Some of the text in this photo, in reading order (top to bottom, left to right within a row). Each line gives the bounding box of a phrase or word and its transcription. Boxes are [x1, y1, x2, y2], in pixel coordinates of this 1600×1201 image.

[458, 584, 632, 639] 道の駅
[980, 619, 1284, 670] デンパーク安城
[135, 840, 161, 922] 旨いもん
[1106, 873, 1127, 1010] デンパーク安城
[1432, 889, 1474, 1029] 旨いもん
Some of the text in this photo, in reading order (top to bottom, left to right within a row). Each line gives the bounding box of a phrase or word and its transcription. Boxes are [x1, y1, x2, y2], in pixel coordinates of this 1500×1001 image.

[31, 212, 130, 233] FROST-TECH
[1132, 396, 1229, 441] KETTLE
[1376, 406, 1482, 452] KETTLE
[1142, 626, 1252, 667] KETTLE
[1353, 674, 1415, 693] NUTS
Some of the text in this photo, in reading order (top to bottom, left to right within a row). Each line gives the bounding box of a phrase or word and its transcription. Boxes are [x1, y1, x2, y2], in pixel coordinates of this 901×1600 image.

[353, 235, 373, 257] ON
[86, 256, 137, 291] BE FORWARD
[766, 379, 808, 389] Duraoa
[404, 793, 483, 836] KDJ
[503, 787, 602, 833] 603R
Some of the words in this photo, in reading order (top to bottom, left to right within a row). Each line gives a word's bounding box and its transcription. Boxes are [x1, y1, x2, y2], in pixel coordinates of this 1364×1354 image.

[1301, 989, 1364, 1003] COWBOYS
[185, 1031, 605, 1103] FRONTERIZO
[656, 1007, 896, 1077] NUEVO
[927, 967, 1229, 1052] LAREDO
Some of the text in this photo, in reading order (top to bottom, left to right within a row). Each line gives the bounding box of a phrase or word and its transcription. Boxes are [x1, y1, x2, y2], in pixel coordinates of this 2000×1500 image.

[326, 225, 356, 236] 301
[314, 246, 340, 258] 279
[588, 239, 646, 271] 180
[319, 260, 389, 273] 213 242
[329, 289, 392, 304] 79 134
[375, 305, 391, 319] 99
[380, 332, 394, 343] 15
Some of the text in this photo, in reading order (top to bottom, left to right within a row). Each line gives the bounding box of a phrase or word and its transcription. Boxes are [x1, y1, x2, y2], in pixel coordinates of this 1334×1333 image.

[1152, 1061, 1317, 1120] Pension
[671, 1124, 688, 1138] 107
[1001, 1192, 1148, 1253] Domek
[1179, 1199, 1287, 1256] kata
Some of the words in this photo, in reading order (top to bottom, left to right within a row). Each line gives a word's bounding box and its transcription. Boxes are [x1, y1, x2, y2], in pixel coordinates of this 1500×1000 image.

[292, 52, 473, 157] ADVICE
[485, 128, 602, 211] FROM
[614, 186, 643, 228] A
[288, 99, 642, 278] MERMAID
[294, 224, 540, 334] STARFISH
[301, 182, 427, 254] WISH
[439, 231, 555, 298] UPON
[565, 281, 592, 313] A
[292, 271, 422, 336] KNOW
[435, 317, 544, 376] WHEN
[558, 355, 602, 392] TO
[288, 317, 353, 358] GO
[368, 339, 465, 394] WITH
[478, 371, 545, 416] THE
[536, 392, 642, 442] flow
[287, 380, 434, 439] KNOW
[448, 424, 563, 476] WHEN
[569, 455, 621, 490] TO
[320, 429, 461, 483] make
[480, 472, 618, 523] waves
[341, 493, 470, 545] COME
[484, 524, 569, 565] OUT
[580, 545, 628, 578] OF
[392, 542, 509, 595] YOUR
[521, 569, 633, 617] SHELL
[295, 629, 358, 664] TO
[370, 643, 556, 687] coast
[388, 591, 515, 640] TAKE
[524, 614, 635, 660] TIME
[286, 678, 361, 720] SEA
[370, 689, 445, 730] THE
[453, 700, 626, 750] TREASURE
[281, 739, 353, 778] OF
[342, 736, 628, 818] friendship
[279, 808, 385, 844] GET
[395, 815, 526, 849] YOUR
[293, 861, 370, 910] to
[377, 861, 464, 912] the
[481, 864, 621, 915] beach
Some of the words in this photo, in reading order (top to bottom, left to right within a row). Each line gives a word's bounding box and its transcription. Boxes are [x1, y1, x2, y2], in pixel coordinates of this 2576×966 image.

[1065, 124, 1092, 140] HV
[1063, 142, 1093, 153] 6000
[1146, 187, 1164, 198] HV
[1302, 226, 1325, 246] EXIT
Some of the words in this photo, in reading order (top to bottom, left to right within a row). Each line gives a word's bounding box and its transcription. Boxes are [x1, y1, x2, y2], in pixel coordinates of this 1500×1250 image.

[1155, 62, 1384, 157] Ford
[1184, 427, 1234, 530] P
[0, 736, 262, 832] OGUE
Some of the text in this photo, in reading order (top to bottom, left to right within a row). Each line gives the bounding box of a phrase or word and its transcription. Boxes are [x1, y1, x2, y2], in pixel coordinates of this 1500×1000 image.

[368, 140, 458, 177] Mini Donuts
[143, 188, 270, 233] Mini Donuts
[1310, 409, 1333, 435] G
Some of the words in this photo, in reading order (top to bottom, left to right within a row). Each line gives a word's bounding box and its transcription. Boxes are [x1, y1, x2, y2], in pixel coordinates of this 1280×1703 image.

·····

● WORK ITEM
Every entry must be quoted exactly as it appears above.

● COMPLETED TASK
Some of the text in this photo, in reading order (top to bottom, left to right within a row). Each line gives the bounding box of a phrase or word and its transcription. Boxes are [x1, y1, x2, y2], in pixel coordinates of this 1600×1201 image.

[458, 584, 632, 639] 道の駅
[980, 619, 1284, 670] デンパーク安城
[135, 840, 161, 922] 旨いもん
[1106, 873, 1127, 1010] デンパーク安城
[1432, 889, 1474, 1029] 旨いもん
Some of the text in this photo, in reading order (top to bottom, left to right within a row). Each line gives the bounding box of a phrase or word and its transcription. Boxes are [x1, y1, x2, y2], in pixel coordinates of this 1500×1001 image.

[31, 212, 130, 233] FROST-TECH
[1132, 396, 1229, 441] KETTLE
[1376, 406, 1482, 452] KETTLE
[1142, 626, 1252, 667] KETTLE
[1353, 674, 1415, 693] NUTS
Some of the text in this photo, in reading order (top to bottom, left to right within a row). Each line gives the bounding box of a phrase or word and its transcription. Boxes are [x1, y1, x2, y2], in pixel coordinates of this 901×1600 image.

[353, 235, 373, 257] ON
[86, 256, 137, 291] BE FORWARD
[766, 379, 808, 389] Duraoa
[404, 793, 483, 836] KDJ
[503, 787, 602, 833] 603R
Some of the words in this photo, in reading order (top to bottom, left to right within a row). Each line gives a word's bounding box and its transcription. Boxes are [x1, y1, x2, y2], in pixel coordinates of this 1364×1354 image.

[1301, 989, 1364, 1003] COWBOYS
[185, 1031, 605, 1103] FRONTERIZO
[656, 1007, 896, 1077] NUEVO
[927, 967, 1229, 1052] LAREDO
Some of the text in this photo, in reading order (top to bottom, left to right within a row). Each line gives the bounding box of a phrase or word and its transcription. Boxes are [x1, y1, x2, y2], in pixel coordinates of this 2000×1500 image.

[326, 225, 356, 236] 301
[314, 246, 340, 258] 279
[588, 239, 646, 271] 180
[319, 260, 389, 273] 213 242
[329, 289, 392, 304] 79 134
[375, 305, 391, 319] 99
[380, 332, 394, 343] 15
Some of the text in this photo, in reading order (top to bottom, left to right within a row). Each line gives the bounding box of a phrase or word and its transcription. Boxes are [x1, y1, x2, y2], in pixel coordinates of this 1334×1333 image.

[1152, 1061, 1317, 1120] Pension
[671, 1124, 688, 1138] 107
[1001, 1192, 1148, 1253] Domek
[1179, 1199, 1287, 1256] kata
Some of the words in this photo, in reading order (top to bottom, left to right within a row). Each line gives a word's bounding box and its transcription. Boxes are [x1, y1, x2, y2], in pixel coordinates of this 1500×1000 image.

[292, 52, 473, 157] ADVICE
[485, 128, 602, 211] FROM
[614, 186, 643, 228] A
[288, 99, 642, 278] MERMAID
[294, 224, 540, 334] STARFISH
[301, 182, 427, 254] WISH
[439, 231, 555, 298] UPON
[565, 281, 592, 313] A
[292, 271, 422, 336] KNOW
[435, 317, 544, 376] WHEN
[558, 355, 602, 392] TO
[288, 317, 353, 358] GO
[368, 339, 465, 394] WITH
[478, 371, 545, 416] THE
[536, 392, 642, 442] flow
[287, 380, 434, 439] KNOW
[448, 424, 563, 476] WHEN
[569, 455, 621, 490] TO
[320, 429, 461, 483] make
[480, 472, 618, 523] waves
[341, 493, 470, 545] COME
[484, 524, 569, 565] OUT
[580, 545, 628, 578] OF
[392, 542, 509, 595] YOUR
[521, 569, 633, 617] SHELL
[295, 629, 358, 664] TO
[370, 643, 556, 687] coast
[388, 591, 515, 640] TAKE
[524, 614, 635, 660] TIME
[286, 678, 361, 720] SEA
[370, 689, 445, 730] THE
[453, 700, 626, 750] TREASURE
[281, 739, 353, 778] OF
[342, 736, 628, 818] friendship
[279, 808, 385, 844] GET
[395, 815, 526, 849] YOUR
[293, 861, 370, 910] to
[377, 861, 464, 912] the
[481, 864, 621, 915] beach
Some of the words in this photo, in reading order (top to bottom, left to right within a row). Each line gives a word's bounding box and its transcription. Boxes are [x1, y1, x2, y2], in pixel coordinates of this 2576×966 image.

[1065, 124, 1092, 140] HV
[1063, 142, 1093, 153] 6000
[1146, 187, 1164, 198] HV
[1302, 226, 1325, 246] EXIT
Some of the words in this photo, in reading order (top to bottom, left to right within a row). Each line gives a word's bounding box and its transcription. Boxes are [x1, y1, x2, y2], in pixel coordinates of this 1500×1250 image.

[1155, 62, 1384, 157] Ford
[1184, 427, 1234, 530] P
[0, 736, 262, 832] OGUE
Some of the text in this photo, in reading order (top to bottom, left to right within a row). Each line gives the bounding box of a phrase or word and its transcription. Boxes are [x1, y1, x2, y2], in pixel coordinates of this 1500×1000 image.

[368, 140, 458, 177] Mini Donuts
[143, 188, 270, 233] Mini Donuts
[1310, 409, 1333, 435] G
Some of the words in this photo, in reading order (top to bottom, left to right within a row). Each line gives a word's bounding box and its transcription. Boxes are [x1, y1, x2, y2], in pixel coordinates of this 1280×1703 image.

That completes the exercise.